(What this task involves) Repeat exactly the lines of the records below, starting at the line containing "this 1344×1365 image." and ending at the line containing "this 1600×1200 image.". Leave the pictures out.

(Records for processing)
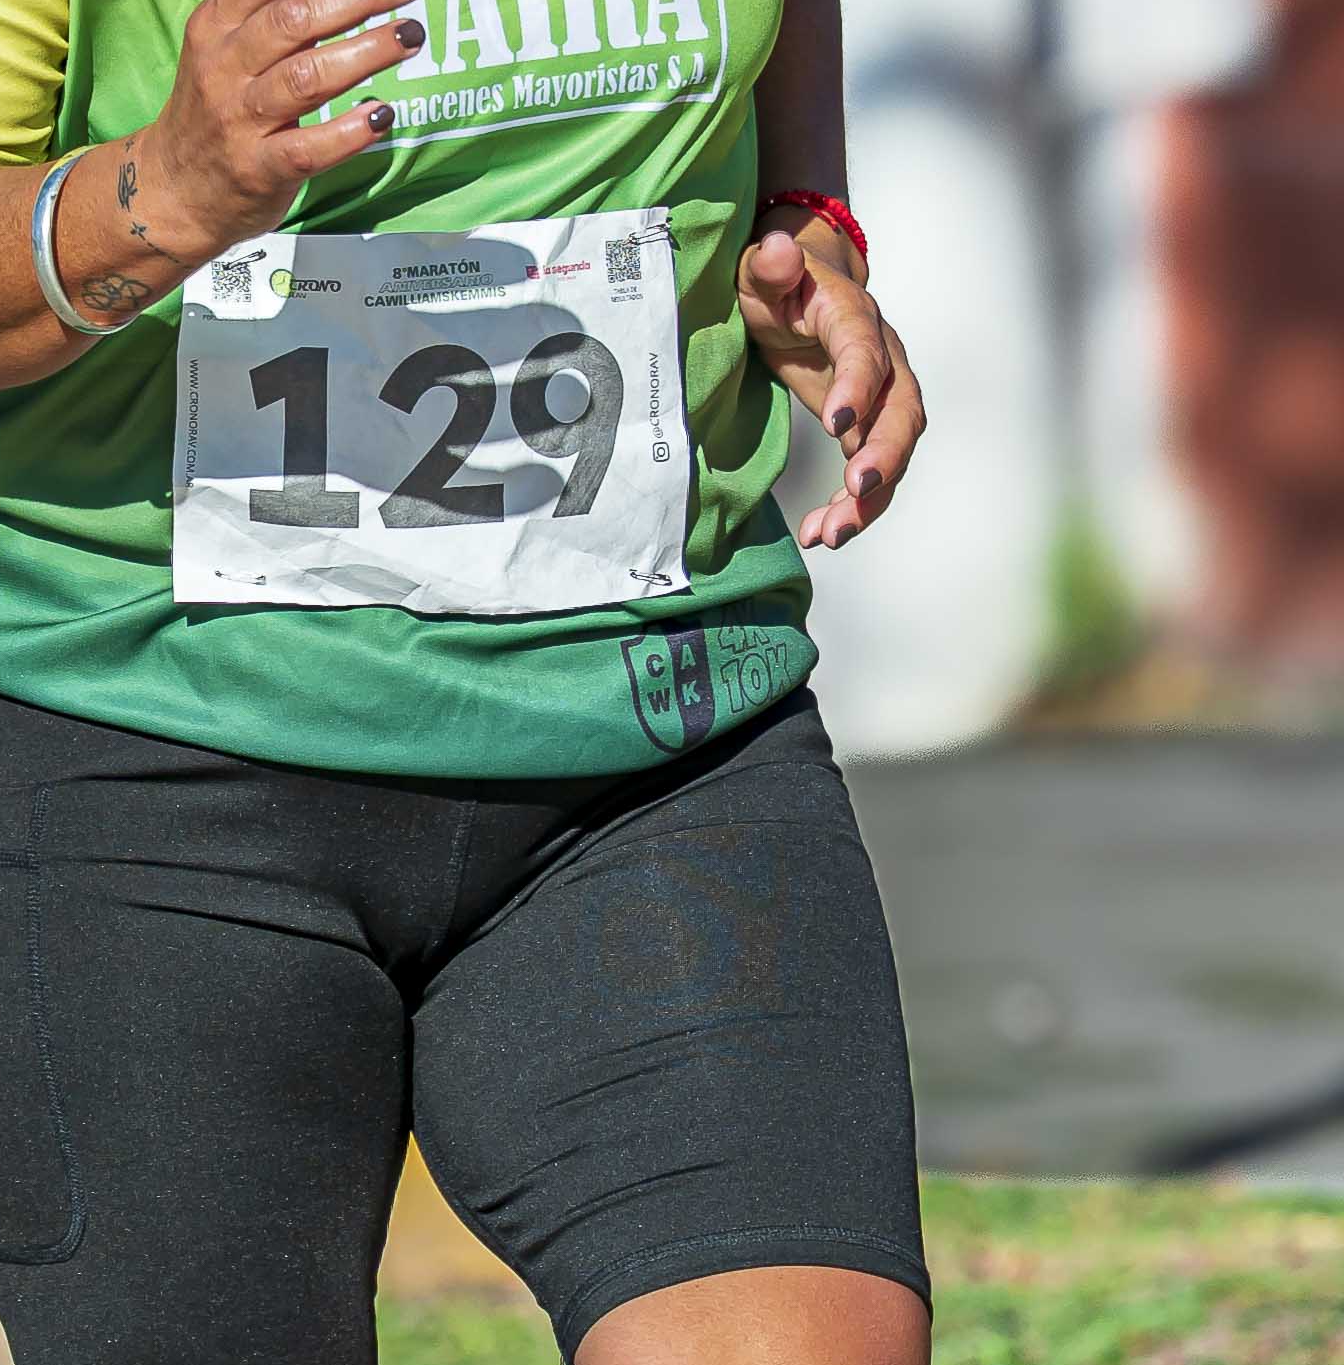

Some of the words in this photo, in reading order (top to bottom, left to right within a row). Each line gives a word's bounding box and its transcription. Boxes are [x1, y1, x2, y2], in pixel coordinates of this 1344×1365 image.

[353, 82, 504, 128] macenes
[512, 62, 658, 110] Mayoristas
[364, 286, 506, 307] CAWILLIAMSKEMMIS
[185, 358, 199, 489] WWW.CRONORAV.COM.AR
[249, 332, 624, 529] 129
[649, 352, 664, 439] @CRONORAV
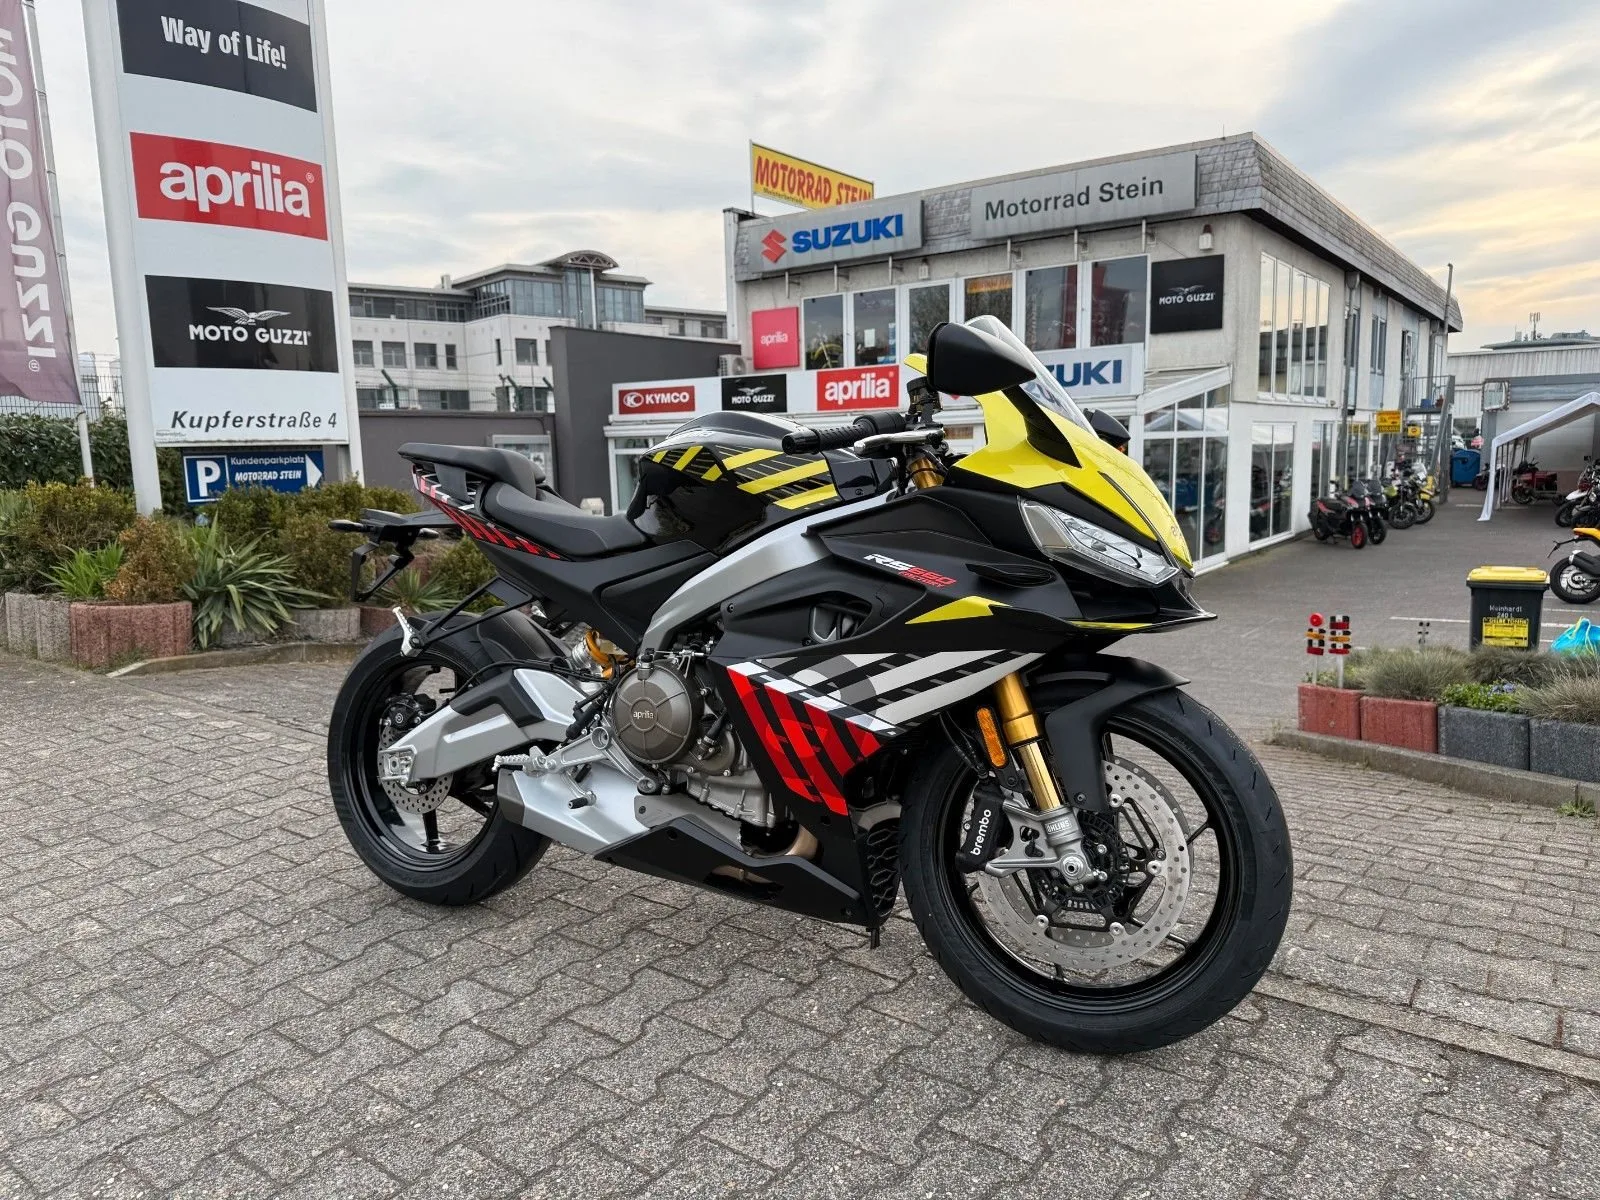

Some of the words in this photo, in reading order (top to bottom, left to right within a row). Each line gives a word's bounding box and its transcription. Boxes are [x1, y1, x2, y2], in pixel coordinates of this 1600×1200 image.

* * *

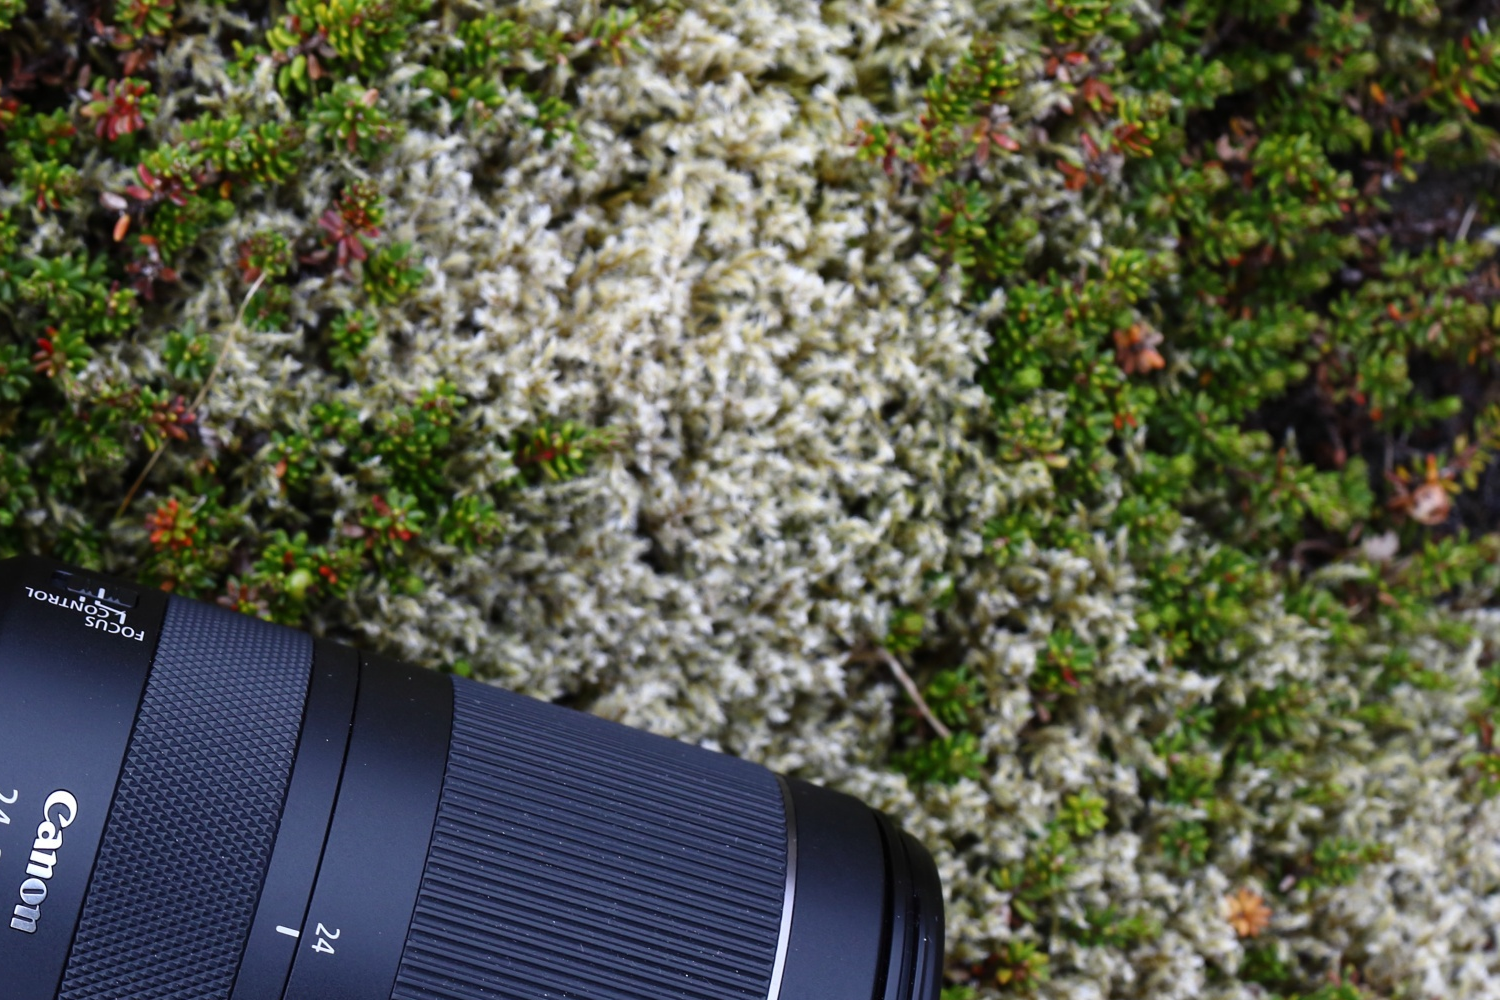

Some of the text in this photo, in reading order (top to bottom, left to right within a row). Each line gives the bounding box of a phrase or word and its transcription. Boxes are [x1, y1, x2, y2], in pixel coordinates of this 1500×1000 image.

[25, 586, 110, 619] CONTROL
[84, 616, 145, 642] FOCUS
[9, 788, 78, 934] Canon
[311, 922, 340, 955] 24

(Solution)
Some of the words in this photo, in reading order (top to bottom, left to right within a row). Each line gives a word's bounding box and its transcription. Boxes are [x1, y1, x2, y2], in pixel coordinates of this 1344×1365 image.

[353, 82, 504, 128] macenes
[512, 62, 658, 110] Mayoristas
[364, 286, 506, 307] CAWILLIAMSKEMMIS
[185, 358, 199, 489] WWW.CRONORAV.COM.AR
[249, 332, 624, 529] 129
[649, 352, 664, 439] @CRONORAV

Some of the words in this photo, in reading order (top to bottom, left to right within a row). Each line gives a word's bounding box and its transcription. Boxes are [x1, y1, x2, y2], in pixel coordinates of this 1600×1200 image.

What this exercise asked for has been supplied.